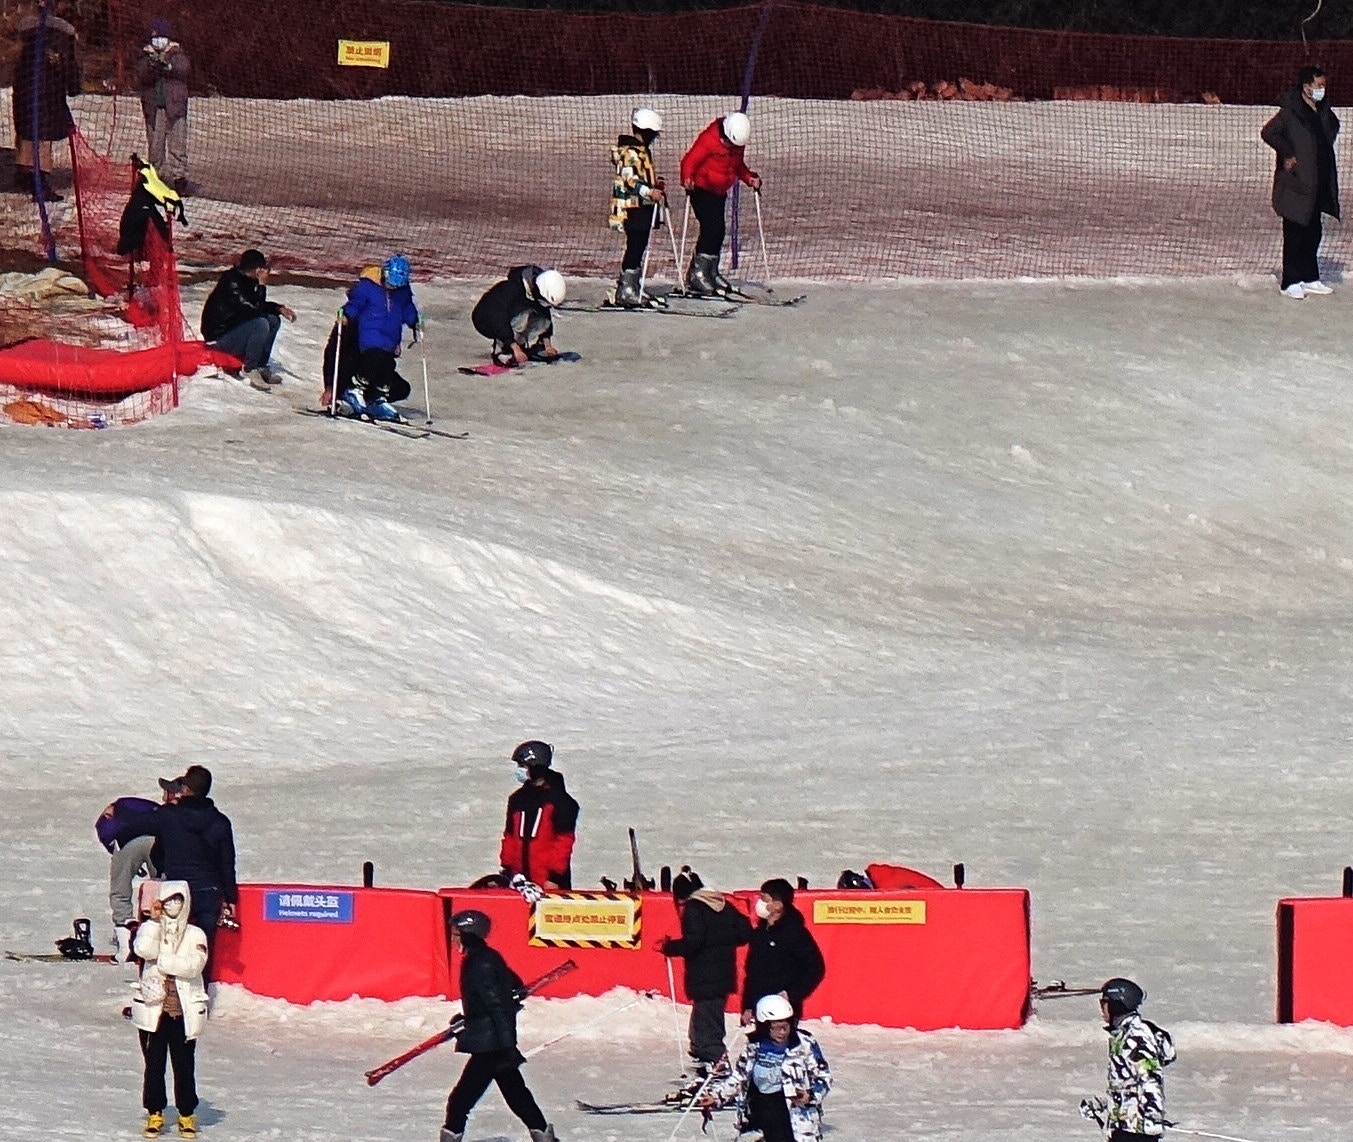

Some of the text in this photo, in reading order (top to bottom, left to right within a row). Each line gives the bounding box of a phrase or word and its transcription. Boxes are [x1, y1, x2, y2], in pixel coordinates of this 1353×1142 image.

[279, 894, 339, 908] 请佩戴头盔
[279, 909, 339, 918] Helmets required
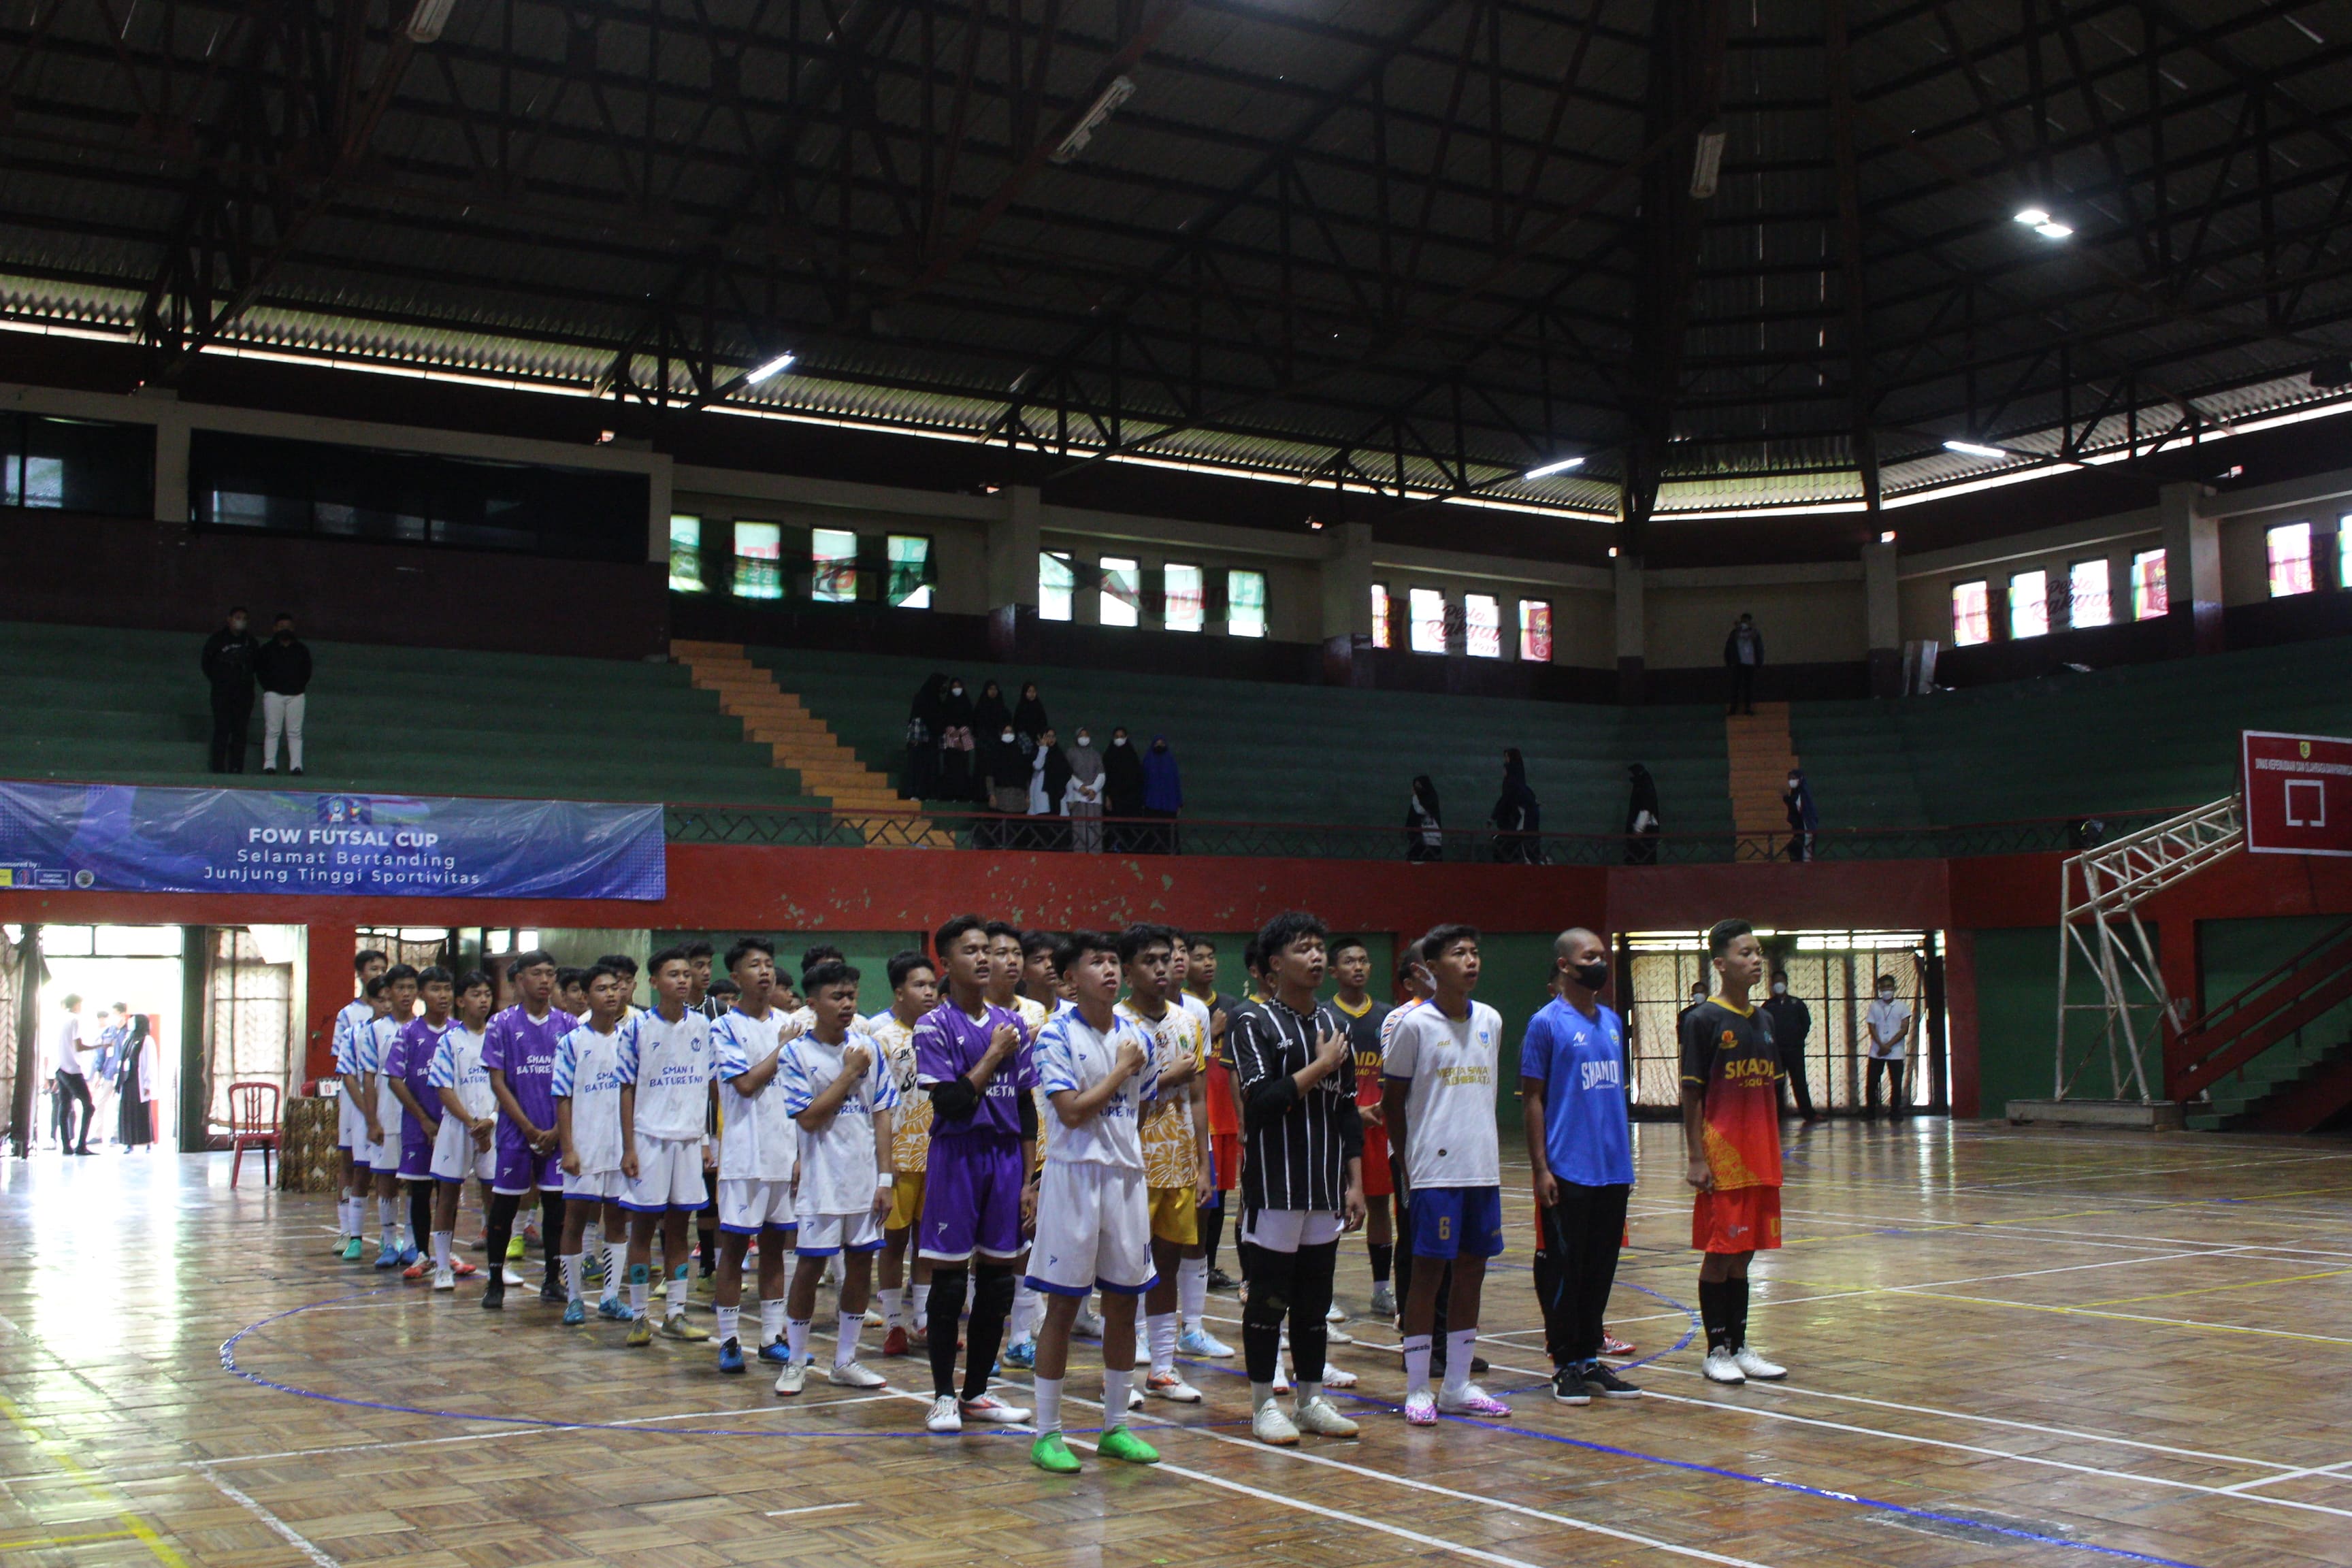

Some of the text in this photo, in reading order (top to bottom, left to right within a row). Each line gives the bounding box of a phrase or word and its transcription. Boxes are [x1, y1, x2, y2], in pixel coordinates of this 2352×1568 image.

[249, 828, 438, 847] FOW FUTSAL CUP
[237, 849, 455, 869] Selamat Bertanding
[204, 866, 479, 885] Junjung Tinggi Sportivitas
[662, 1066, 687, 1075] SMAN
[1439, 1216, 1450, 1240] 6

- - - - -

TASK OBJECTIVE:
Every line from the one holding "this 2352×1568 image." through the last line of the listing above should be set down exactly, and nothing more.

YOUR SOLUTION:
Some of the text in this photo, in reading order (top to bottom, left to right within a row). Each line gives the bounding box of a phrase or word and its transcription. Boxes are [x1, y1, x2, y2], in pixel coordinates of this 2352×1568 image.

[249, 828, 438, 847] FOW FUTSAL CUP
[237, 849, 455, 869] Selamat Bertanding
[204, 866, 479, 885] Junjung Tinggi Sportivitas
[662, 1066, 687, 1075] SMAN
[1439, 1216, 1450, 1240] 6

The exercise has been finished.